/---

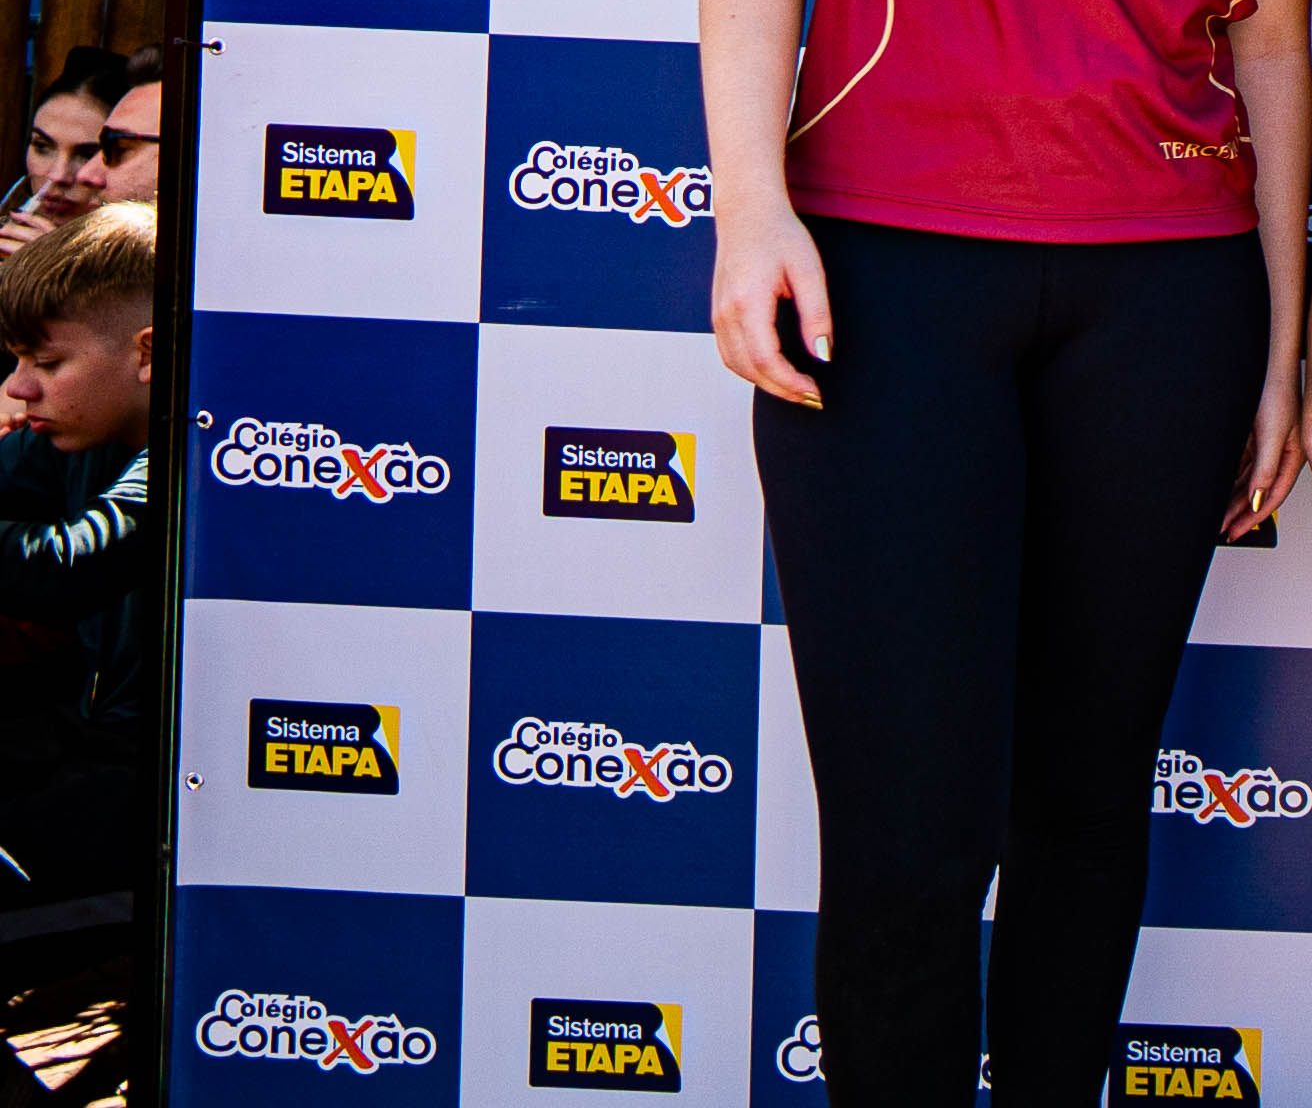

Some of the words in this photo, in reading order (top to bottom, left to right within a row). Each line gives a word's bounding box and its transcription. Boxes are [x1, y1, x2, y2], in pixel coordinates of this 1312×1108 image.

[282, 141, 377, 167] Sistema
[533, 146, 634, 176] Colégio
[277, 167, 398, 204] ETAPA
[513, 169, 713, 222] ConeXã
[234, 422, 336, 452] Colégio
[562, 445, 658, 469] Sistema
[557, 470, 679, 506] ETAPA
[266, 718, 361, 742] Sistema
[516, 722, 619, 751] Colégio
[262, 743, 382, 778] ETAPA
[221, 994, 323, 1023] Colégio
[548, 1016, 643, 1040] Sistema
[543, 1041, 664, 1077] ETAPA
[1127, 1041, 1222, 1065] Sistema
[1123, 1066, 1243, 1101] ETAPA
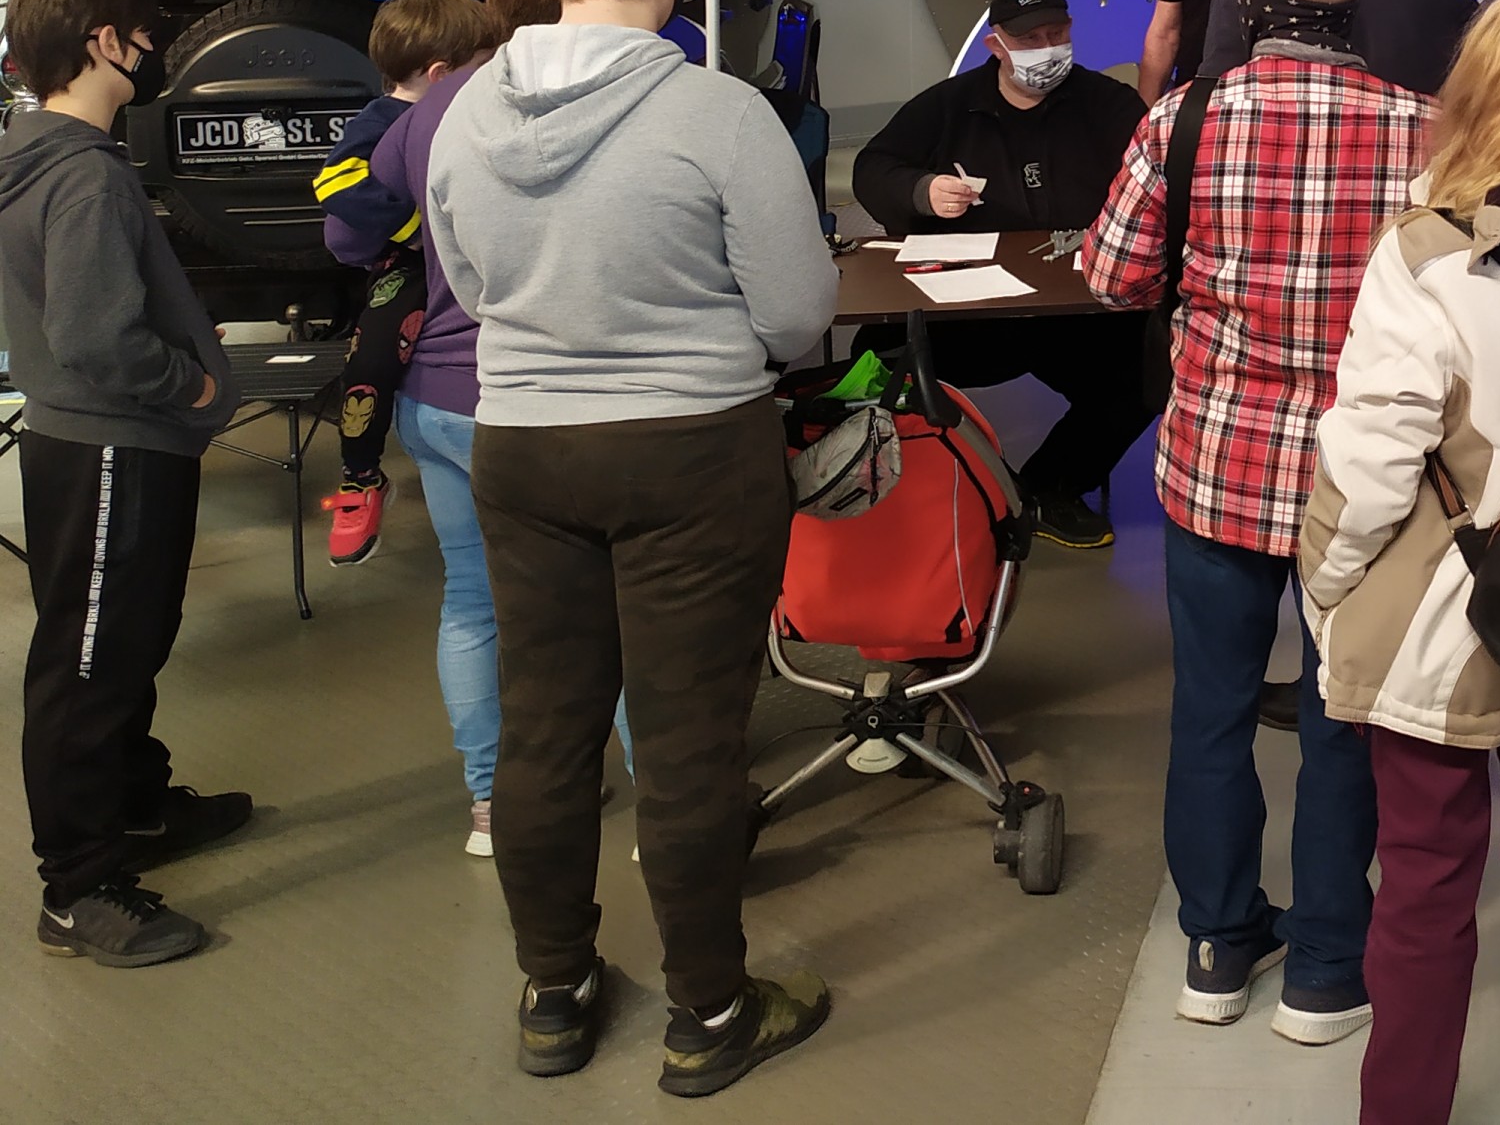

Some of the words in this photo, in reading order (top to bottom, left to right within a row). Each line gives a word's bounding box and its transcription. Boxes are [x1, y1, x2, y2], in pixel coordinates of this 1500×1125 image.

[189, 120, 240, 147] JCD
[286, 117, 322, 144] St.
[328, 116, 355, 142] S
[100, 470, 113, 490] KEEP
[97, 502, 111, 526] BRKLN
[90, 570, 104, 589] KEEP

\---

Repeat every record above exactly, but leave out any pictures.

# THE ANSWER
Some of the words in this photo, in reading order (top to bottom, left to right within a row). Each line gives a word's bounding box and its transcription. Boxes are [x1, y1, x2, y2], in pixel coordinates of this 1312×1108 image.

[282, 141, 377, 167] Sistema
[533, 146, 634, 176] Colégio
[277, 167, 398, 204] ETAPA
[513, 169, 713, 222] ConeXã
[234, 422, 336, 452] Colégio
[562, 445, 658, 469] Sistema
[557, 470, 679, 506] ETAPA
[266, 718, 361, 742] Sistema
[516, 722, 619, 751] Colégio
[262, 743, 382, 778] ETAPA
[221, 994, 323, 1023] Colégio
[548, 1016, 643, 1040] Sistema
[543, 1041, 664, 1077] ETAPA
[1127, 1041, 1222, 1065] Sistema
[1123, 1066, 1243, 1101] ETAPA

Some of the words in this photo, in reading order (top to bottom, left to right within a row). Each line gives a word's bounding box and its transcription. Boxes are [x1, y1, x2, y2], in pixel coordinates of this 1500×1125 image.

[189, 120, 240, 147] JCD
[286, 117, 322, 144] St.
[328, 116, 355, 142] S
[100, 470, 113, 490] KEEP
[97, 502, 111, 526] BRKLN
[90, 570, 104, 589] KEEP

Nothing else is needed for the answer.